Problem statement: Leaving out the pictures, restate each record below word for word.

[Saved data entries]
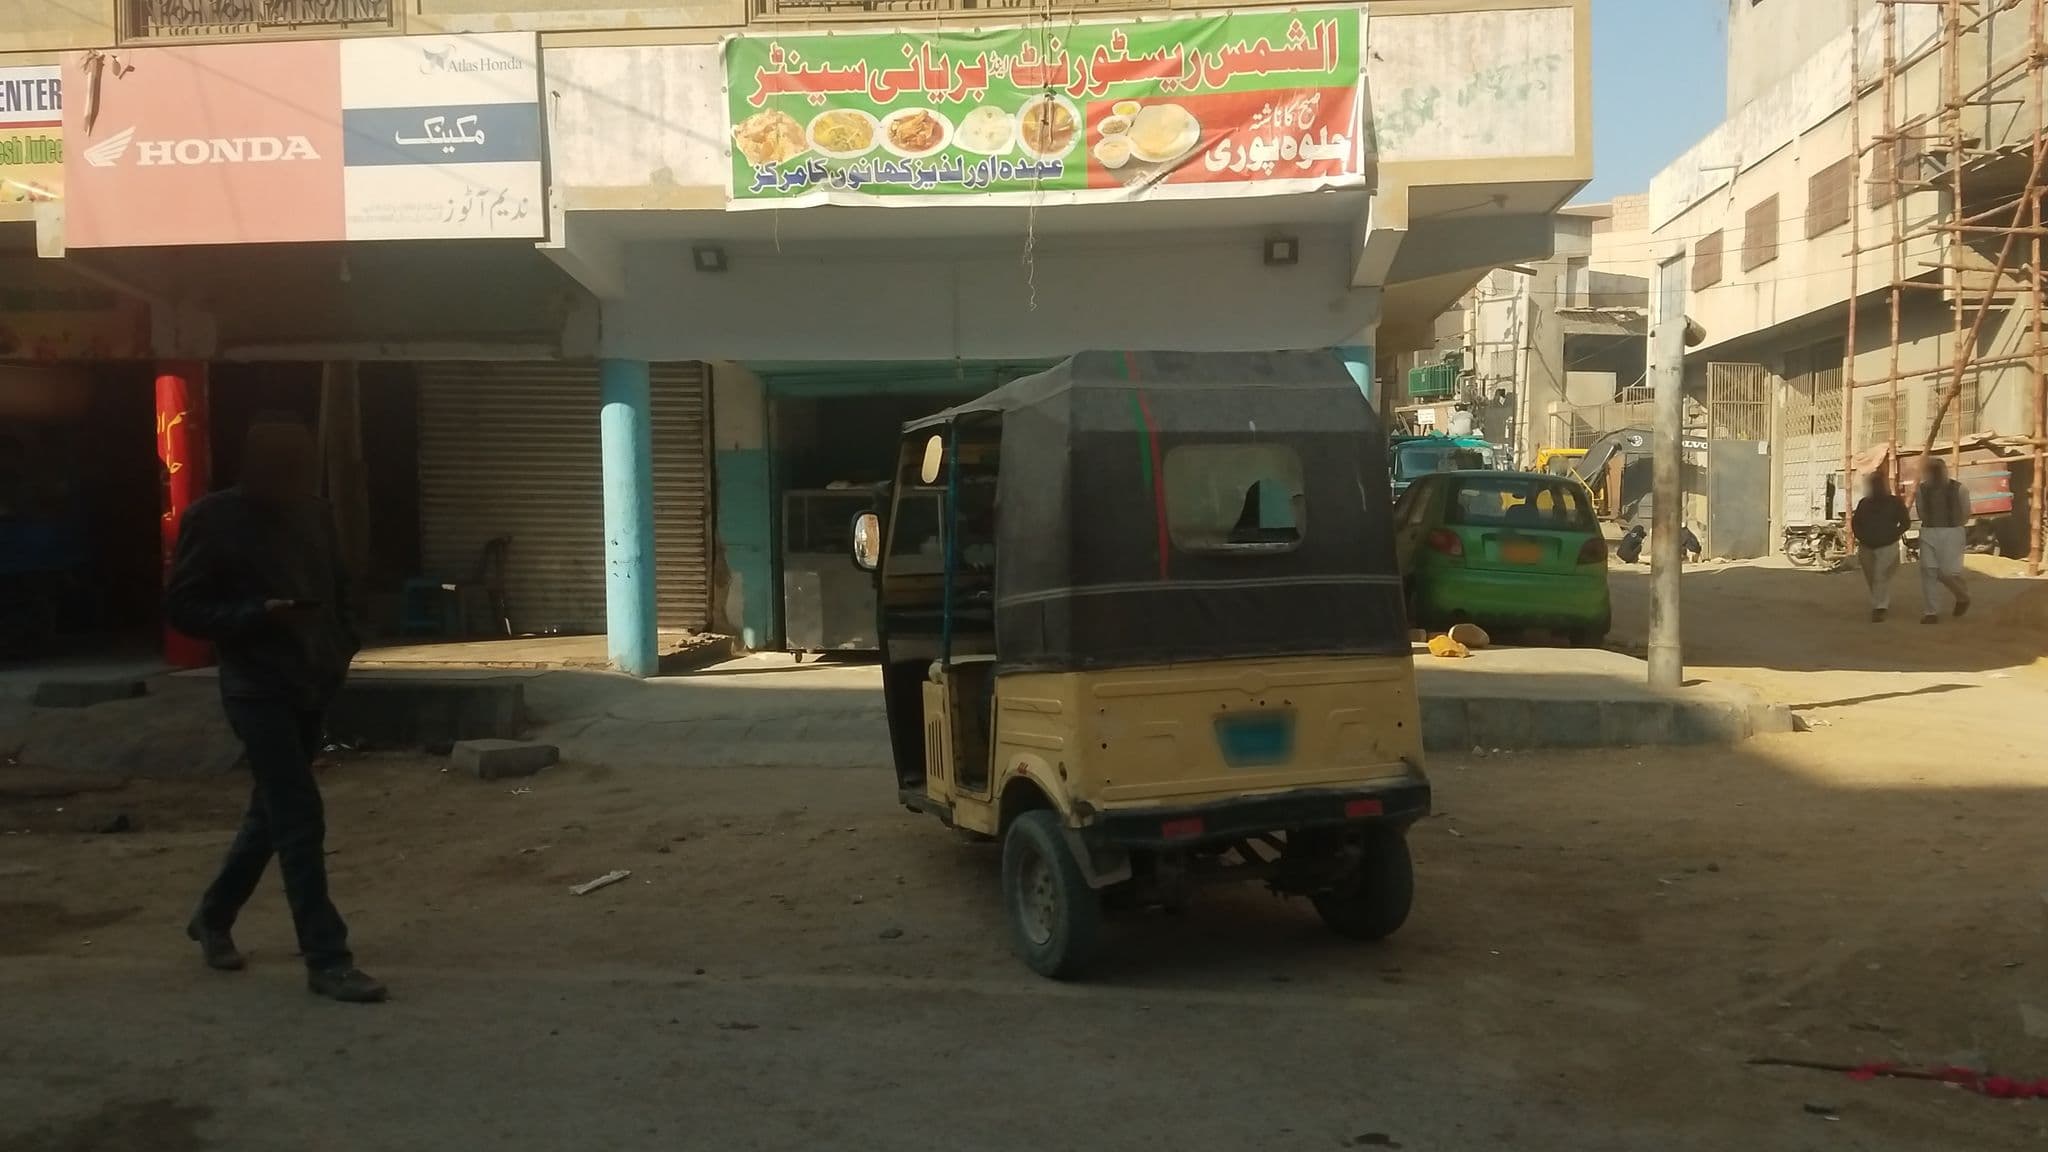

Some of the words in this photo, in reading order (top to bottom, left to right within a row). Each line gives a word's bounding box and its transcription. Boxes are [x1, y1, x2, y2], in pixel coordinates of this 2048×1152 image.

[448, 58, 479, 73] Atlas
[480, 56, 523, 72] Honda
[868, 40, 989, 104] بریانی
[1009, 28, 1204, 98] ریسٹورنٹ
[1203, 18, 1339, 88] الشمس
[747, 41, 869, 107] سینٹر
[136, 136, 321, 166] HONDA
[395, 114, 486, 153] مکینک
[1280, 125, 1351, 171] حلوہ
[806, 157, 829, 184] کا
[910, 154, 964, 190] لذیز
[962, 154, 998, 190] اور
[998, 157, 1064, 181] عمدہ
[1204, 135, 1281, 177] پوری
[748, 160, 808, 193] مرکز
[491, 187, 528, 232] ندیم
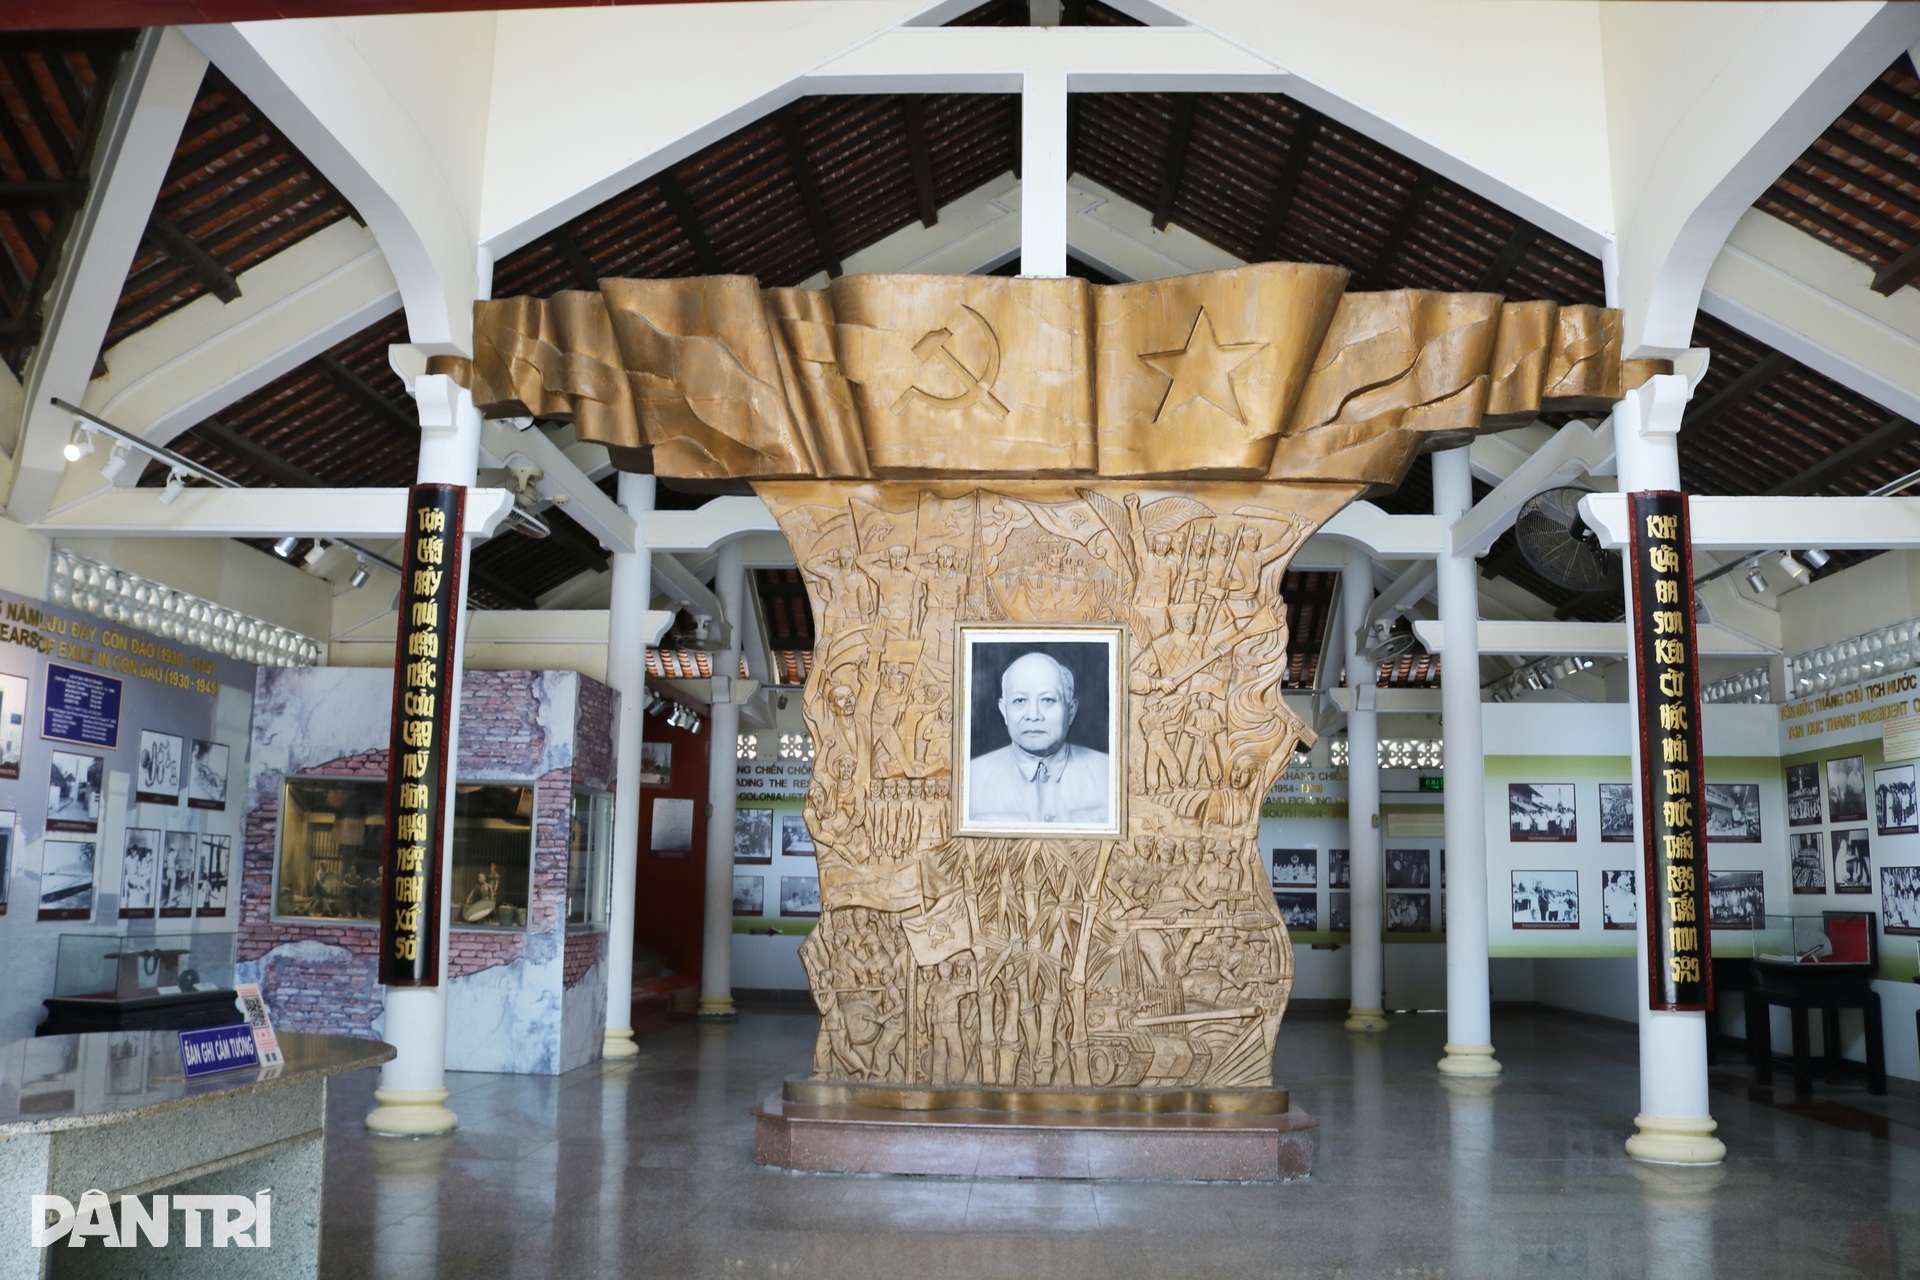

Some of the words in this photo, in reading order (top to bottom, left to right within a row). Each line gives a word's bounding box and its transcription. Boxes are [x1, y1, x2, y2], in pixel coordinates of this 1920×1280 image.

[0, 622, 39, 649] EARS
[769, 779, 787, 788] THE
[201, 1041, 216, 1063] GHI
[214, 1034, 231, 1061] CẢM

Answer to this problem:
Some of the words in this photo, in reading order (top to bottom, left to right within a row). Each line gives a word's bounding box and its transcription. Boxes are [x1, y1, x2, y2], in pixel coordinates of this 2048×1152 image.

[448, 58, 479, 73] Atlas
[480, 56, 523, 72] Honda
[868, 40, 989, 104] بریانی
[1009, 28, 1204, 98] ریسٹورنٹ
[1203, 18, 1339, 88] الشمس
[747, 41, 869, 107] سینٹر
[136, 136, 321, 166] HONDA
[395, 114, 486, 153] مکینک
[1280, 125, 1351, 171] حلوہ
[806, 157, 829, 184] کا
[910, 154, 964, 190] لذیز
[962, 154, 998, 190] اور
[998, 157, 1064, 181] عمدہ
[1204, 135, 1281, 177] پوری
[748, 160, 808, 193] مرکز
[491, 187, 528, 232] ندیم

Some of the words in this photo, in reading order (top to bottom, left to right within a row). Each line gives a word's bounding box and its transcription. Boxes are [x1, y1, x2, y2], in pixel coordinates of this 1920×1280 image.

[0, 622, 39, 649] EARS
[769, 779, 787, 788] THE
[201, 1041, 216, 1063] GHI
[214, 1034, 231, 1061] CẢM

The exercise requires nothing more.